While the death toll from the inferno which gutted a hijacked building in the Joburg CBD on Thursday continues to escalate, City of Johannesburg’s Emergency Management Services (EMS) were faced with the sordid reality of carrying charred bodies out of the building.
“It is a sad day indeed in the City of Johannesburg,” Joburg EMS spokesperson Robert Mulaudzi said speaking to broadcaster Newzroom Afrika at the scene.
By 10.30 on Thursday, the revised death toll showed that at least 73 bodies have been removed from the gutted building. One of the deceased people is a toddler.
Mulaudzi said in his decades of serving in the emergency service, he had not seen such a harrowing scene.

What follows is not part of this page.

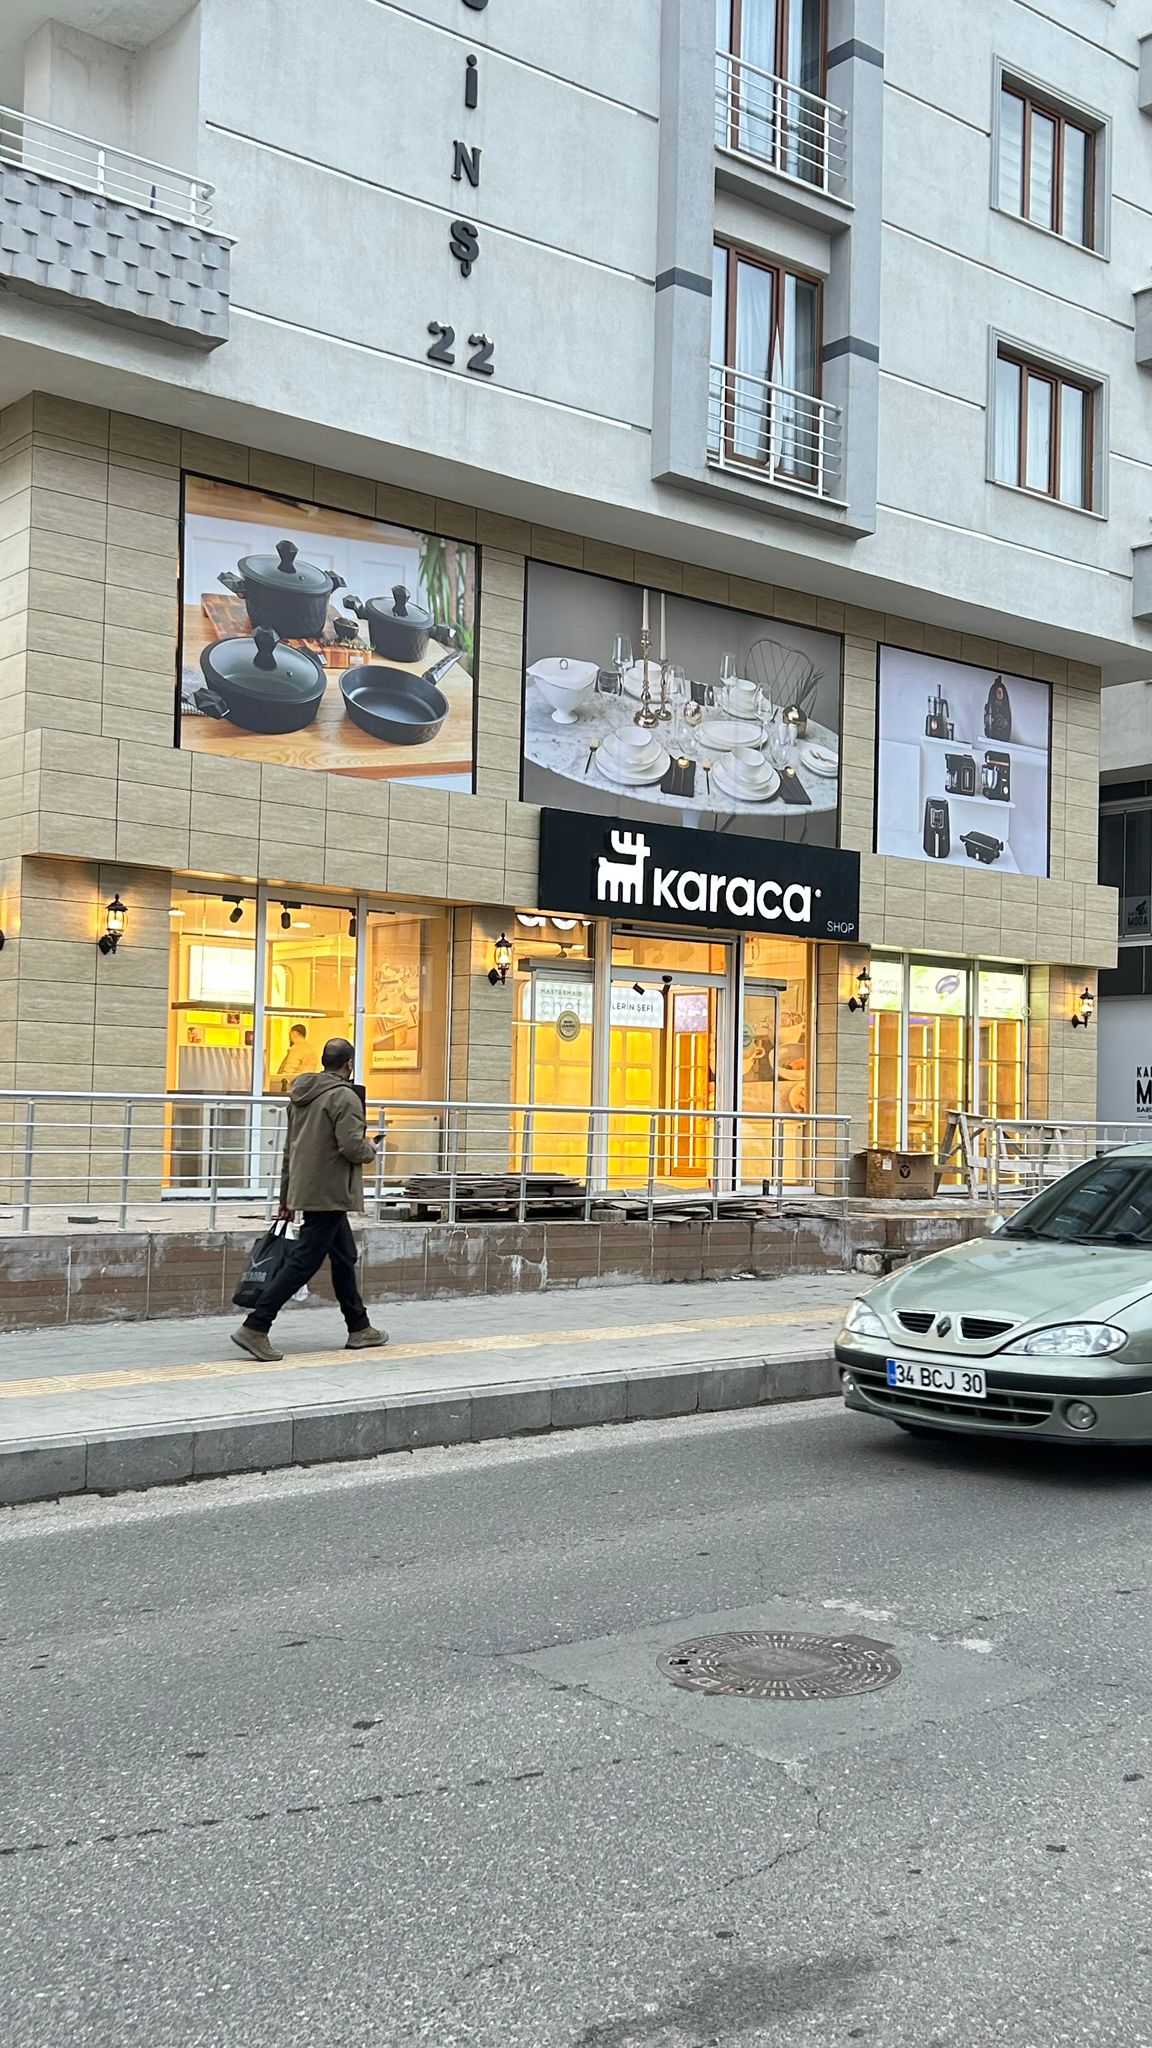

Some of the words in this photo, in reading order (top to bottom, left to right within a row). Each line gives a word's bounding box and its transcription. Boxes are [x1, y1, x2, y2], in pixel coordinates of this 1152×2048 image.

It is like an informal settlement
City of Joburg’s EMS spokesperson, Robert Mulaudzi said the fire had been extinguished and emergency services had begun a search and recovery in the five-storey residential building.
“At this stage, the number of fatalities might increase. Since we have stopped firefighting operations, the fire has been extinguished, we are doing what we call search and recovery, just to make sure that each and every floor is checked for bodies,” Mulaudzi said speaking to broadcaster Newzroom Afrika from the scene.
“You will understand that it is like an informal settlement, inside a building. So we have to go through all the debris inside the building, floor by floor to make sure that we can be able to recover more bodies out of this fire incident.”